Seinen hebräischen Namen konnte ich mir immer gut merken: Shlomo ben Jitzchak, so wie der größte unserer Kommentatoren: Raschi. Denn Shlomo Tichauer war Lehrer und Kommentator für Generationen von Kindern unserer Gemeinde. 1963, nachdem eine Religionslehrerin ausfiel, bestimmte der frühere Gemeindevorsitzende Heinz Galinski, dass Shlomo nun den Unterricht übernehmen sollte – und dies tat er dann bis zum Jahr 2000 mit großem Engagement und großer Freude.
Mit vielen seiner Schüler blieb er auch später noch in Kontakt. Er unterrichtete nicht nur die Kinder in West-Berlin und der Pestalozzistraße, sondern auch Kinder der anderen Synagogen, und zusammen mit Rabbiner Stein sel.A. unterrichtete er auch in Ost-Berlin. Hierauf war er zurecht immer stolz. Auch zeigt sich darin sein ausgleichender Charakter. Shlom Bajt und Ehrlichkeit waren sein Motto, gemäß dem Vers aus Kohelet: »Tov Shem mischemen tov« – »Besser ein guter Name als gutes Öl«.
Im Zentrum aber, neben all seinen öffentlichen Tätigkeiten, stand die Familie. Eine Familie, in der jüdische Tradition gepflegt wurde und die sein Rückhalt war. Denn all das hätte er ohne seine Frau Liliana nicht schaffen können. Sie hielt ihm mit ihrer Liebe und Hilfe den Rücken frei und hat ihn in der letzten Zeit auch aufopferungsvoll gepflegt.

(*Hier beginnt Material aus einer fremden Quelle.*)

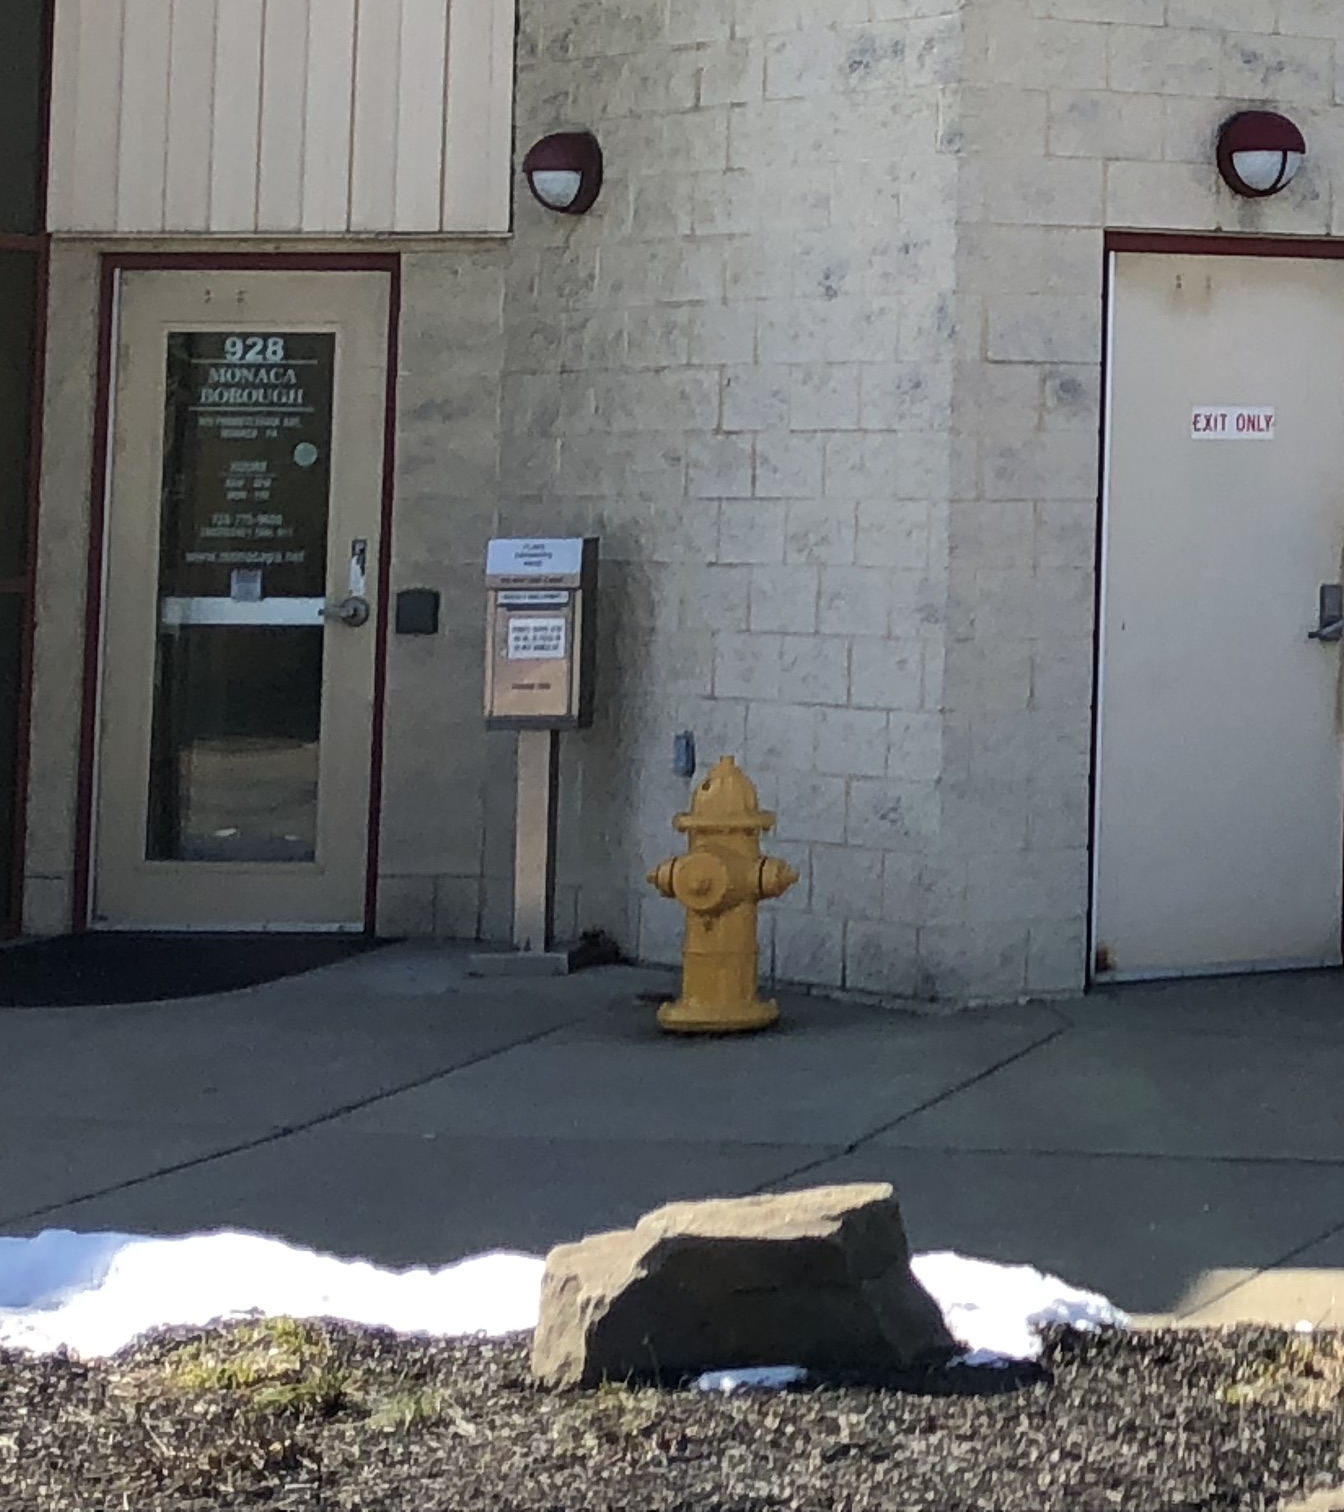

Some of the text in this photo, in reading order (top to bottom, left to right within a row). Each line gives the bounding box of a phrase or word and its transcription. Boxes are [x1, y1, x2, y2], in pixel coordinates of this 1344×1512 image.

Shlomo Tichauer sel.A., Shlomo ben Jitzchak, ging am 13.10.22 / 18. Tischri 5783, Chol Ha-Moed Sukkot in seine Welt und wurde unter großer Anteilnahme der Gemeinde am 19.10.22 / 24. Tischri 5783 auf dem Friedhof am Scholzplatz zu seiner ewigen Ruhe gebettet.
Die Jüdische Gemeinde zu Berlin und insbesondere die Synagoge Pestalozzistraße sind Shlomo Tichauer sel.A. zu ewigem Dank verpflichtet.
»Sein Name wird zum steten Segen genannt werden in unserer Mitte. Die Weisen leuchten wie des Himmels Glanz, und die zum Wohle der Gesamtheit gewirkt, wie die Sterne für und für«.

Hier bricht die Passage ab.